Antrop pede continução de apoios extraordinários para transporte de passageiros
A Antrop defendeu esta segunda-feira a continuação dos apoios extraordinários ao transporte público rodoviário, estimando um impacto de 15 milhões de euros entre julho e setembro devido ao aumento dos preços dos combustíveis provocado pela guerra no Irão.
Em comunicado, a Associação Nacional de Transportes de Passageiros (Antrop) considera que “perante uma situação extraordinária cuja duração não é possível antecipar, a resposta pública deve poder acompanhar a evolução efetiva do mercado, em vez de ficar limitada a um período administrativo previamente definido”.
O Governo publicou, em junho, uma portaria que permitia o pagamento extraordinário de 420 euros por mês e por veículo pesado elegível durante três meses, um período que, entretanto, terminou.
“O período de três meses considerado para efeitos do apoio terminou, não estando atualmente prevista a sua continuidade, apesar de se manter a pressão extraordinária sobre os custos dos operadores”, acrescenta a Antrop.

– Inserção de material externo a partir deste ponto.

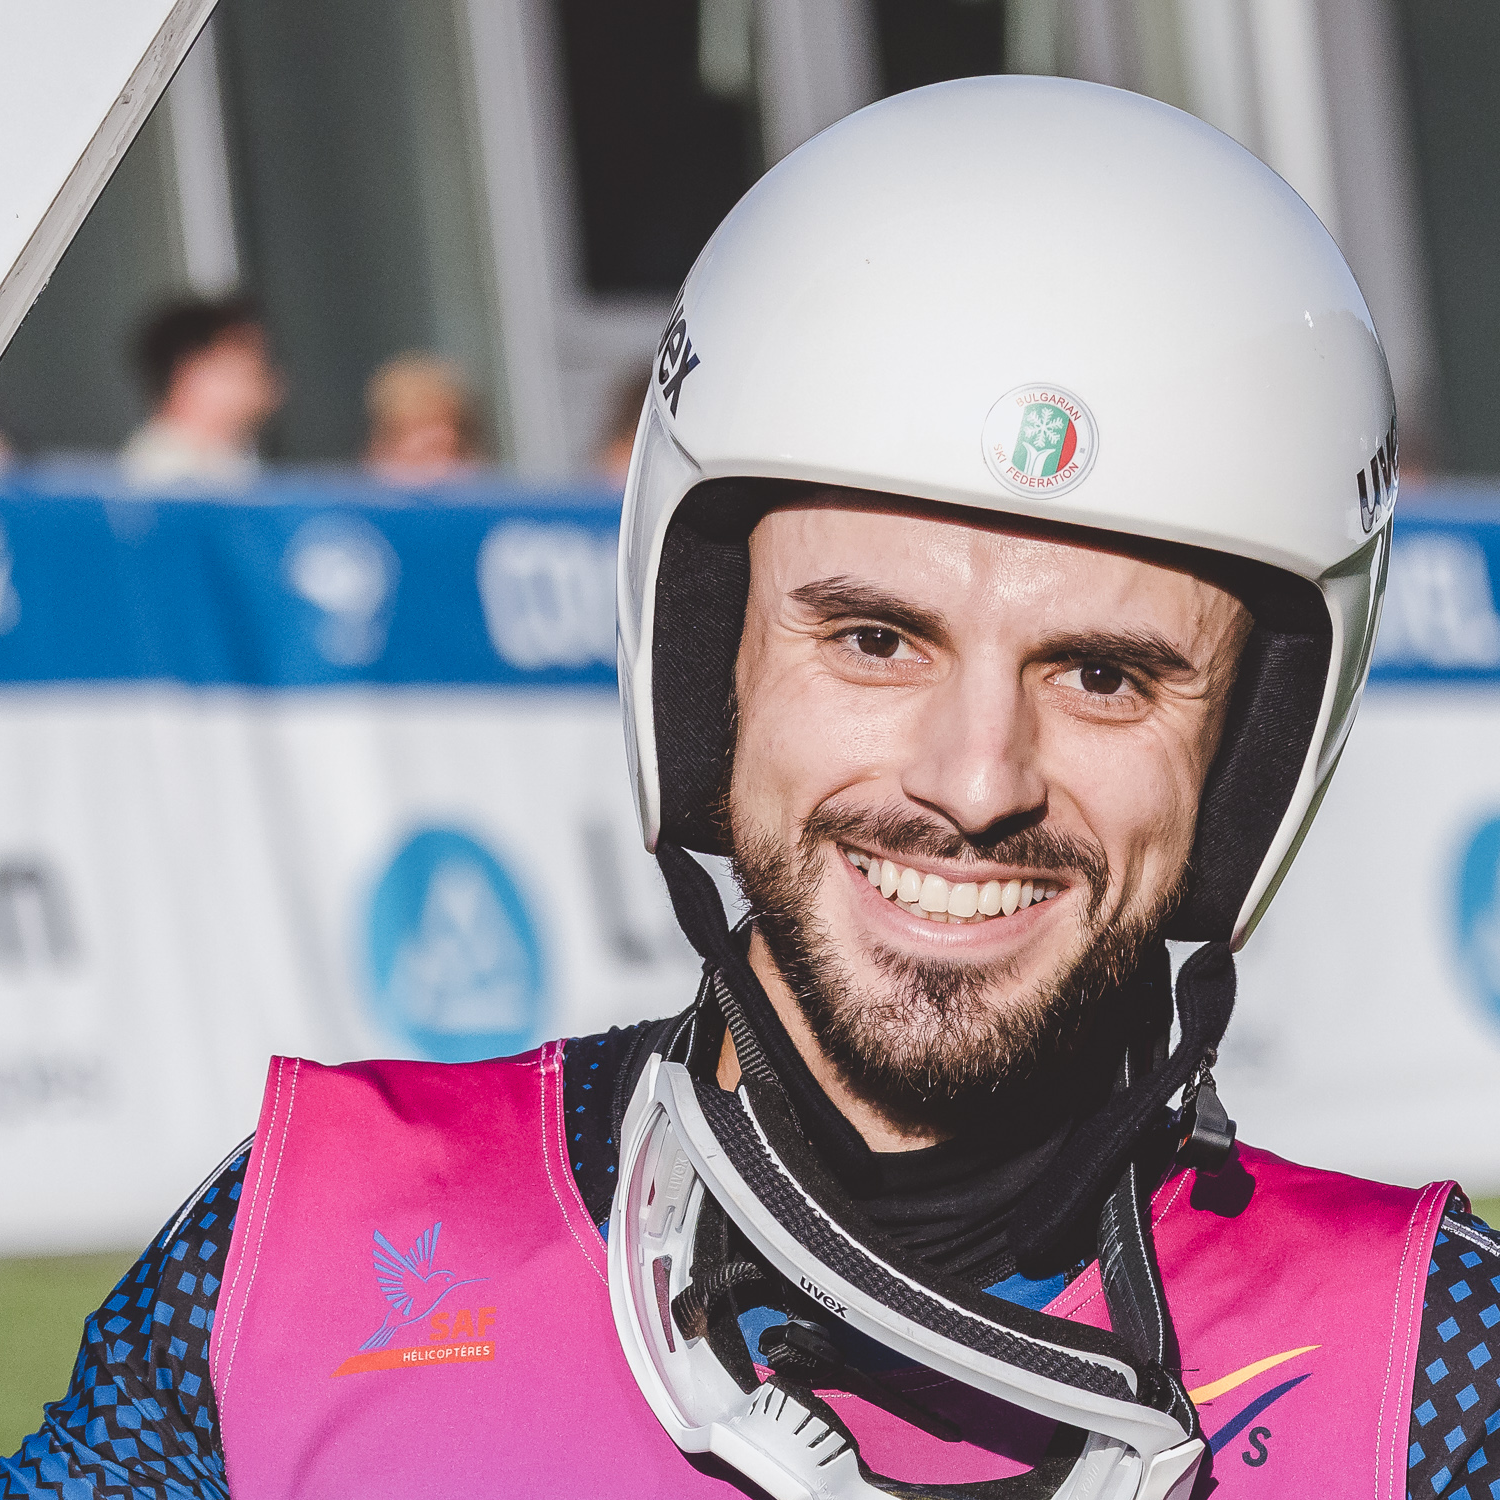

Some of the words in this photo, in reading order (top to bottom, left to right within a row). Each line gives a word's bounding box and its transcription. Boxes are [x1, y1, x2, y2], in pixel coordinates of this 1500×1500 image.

[1015, 392, 1082, 422] BULGARIAN
[993, 443, 1007, 464] SKI
[1005, 461, 1079, 488] FEDERATION
[799, 1275, 849, 1319] uvex
[428, 1306, 497, 1341] SAF
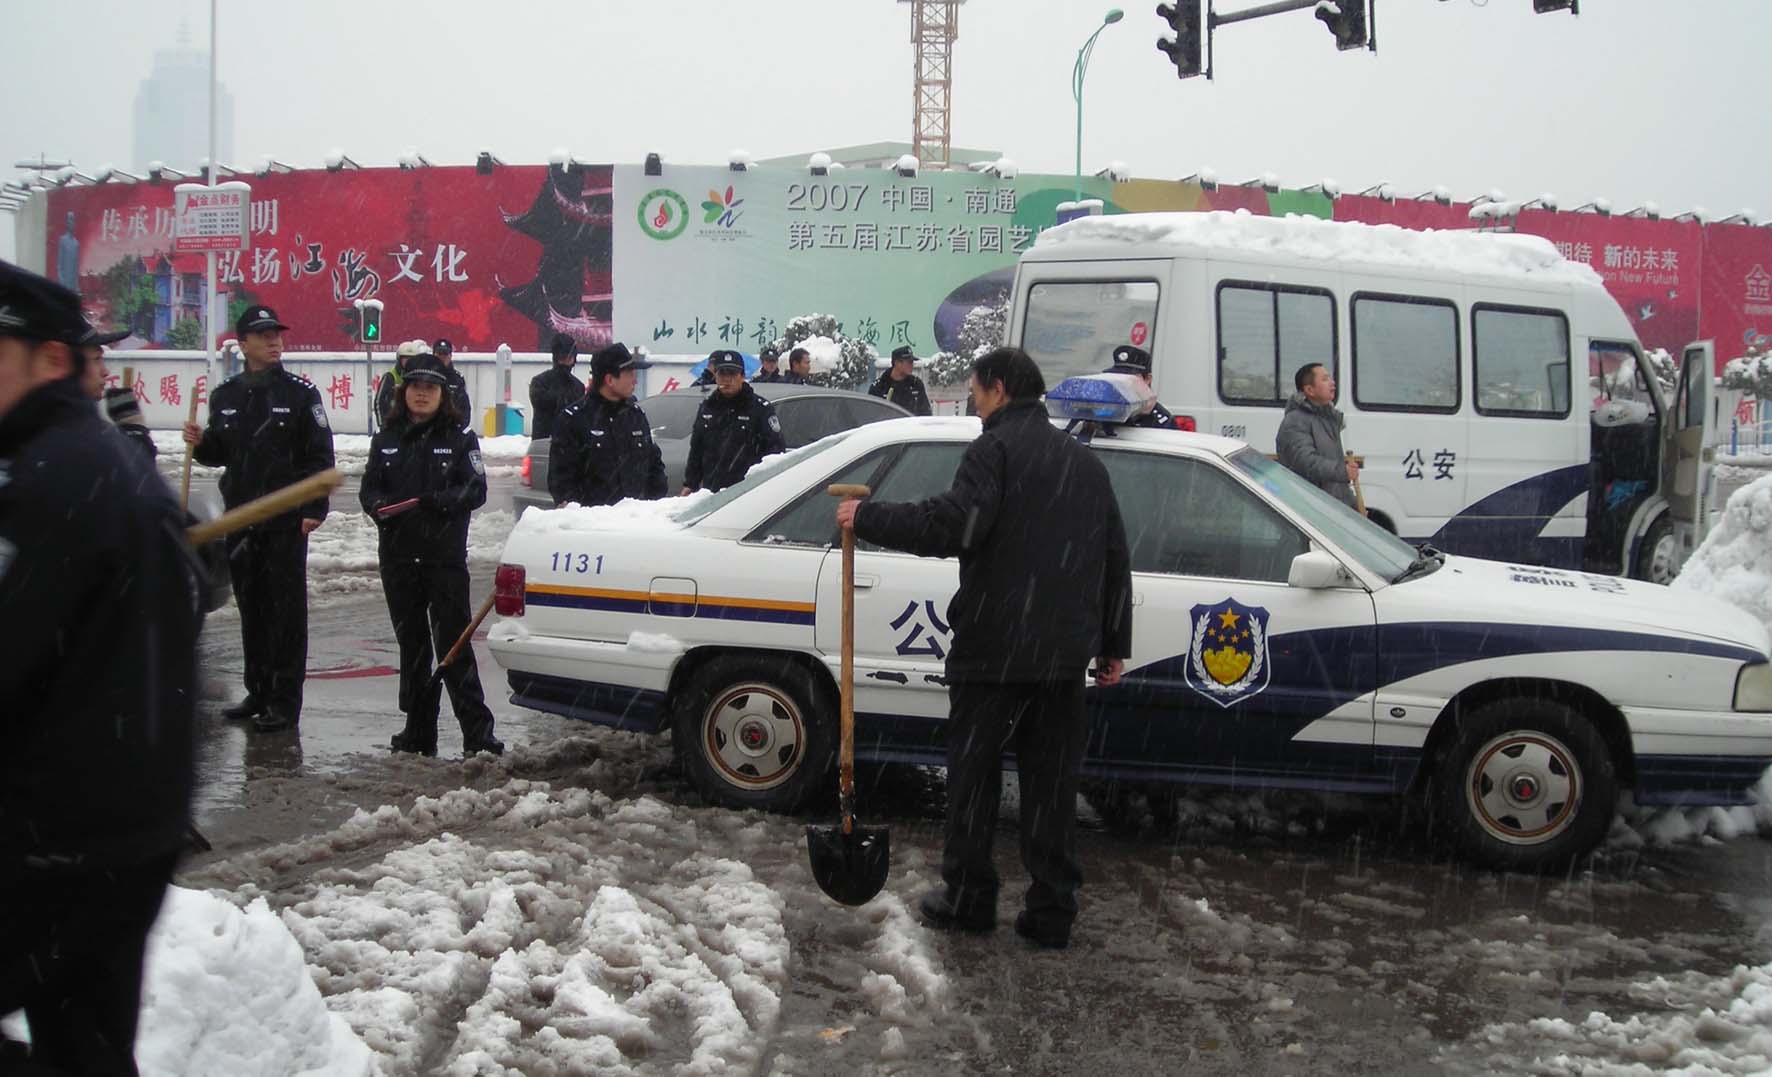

A Antrop estima que o impacto da subida dos combustíveis seja de 15 milhões de euros entre julho e setembro, com base no aumento de 0,289 euros por litro no preço médio do gasóleo entre o início de julho e 24 de agosto e pressupondo a manutenção dos níveis dos preços este mês.
Segundo a associação, este apoio foi um reconhecimento da situação extraordinária e a necessidade de apoiar os operadores, mas que a situação “não terminou ao fim de três meses”.
“Defendemos que a resposta pública permaneça alinhada com a realidade económica que lhe deu origem e se mantenha enquanto subsistirem as condições excecionais que justificaram a medida”, escreve a associação.
Para a associação, deve ser considerada uma lógica de acompanhamento em Portugal “enquanto persistir a disrupção extraordinária”, para além de uma avaliação regular “com base em critérios objetivos”, para verificar se há condições para manter a sua manutenção.
A Antrop alerta ainda para os efeitos que podem decorrer da falta de apoios ao setor, incluindo “dificuldades acrescidas na manutenção dos níveis de serviço contratados e na capacidade de resposta das empresas”, e que, “em situações mais extremas, alguns operadores poderão deixar de ter condições económicas para assegurar determinados serviços”.
A associação sublinhou ainda que a situação atual reforça “a necessidade de construir, para o futuro, maior previsibilidade na forma como o setor responde a choques extraordinários de custos”, como mecanismos contratuais “que permitam refletir de forma mais adequada alterações relevantes dos fatores de produção”.
Na sexta-feira, o primeiro-ministro, Luís Montenegro, indicou que o desconto no imposto sobre os combustíveis já soma "cerca de 700 milhões de euros" em 2026 e admitiu novas medidas se os preços se mantiverem ao nível das últimas quatro semanas.
"O país está a fazer um esforço muito significativo, que é preciso ir acompanhando, e, se houver uma oscilação constante, como houve ao longo das últimas quatro semanas, se se mantiver, evidentemente o Governo está disponível para ir tratando dessa evolução com a adoção das medidas que nos parecerem mais adequadas", disse Luís Montenegro em Nelas, Viseu.
O chefe do Governo apontou para o desconto sobre o Impostos sobre os Produtos Petrolíferos e Energéticos (ISP), que pode ser “verificado na própria fatura" e que totaliza 23 cêntimos por litro.
A Antrop reúne 74 empresas de transportes coletivos rodoviário de passageiros.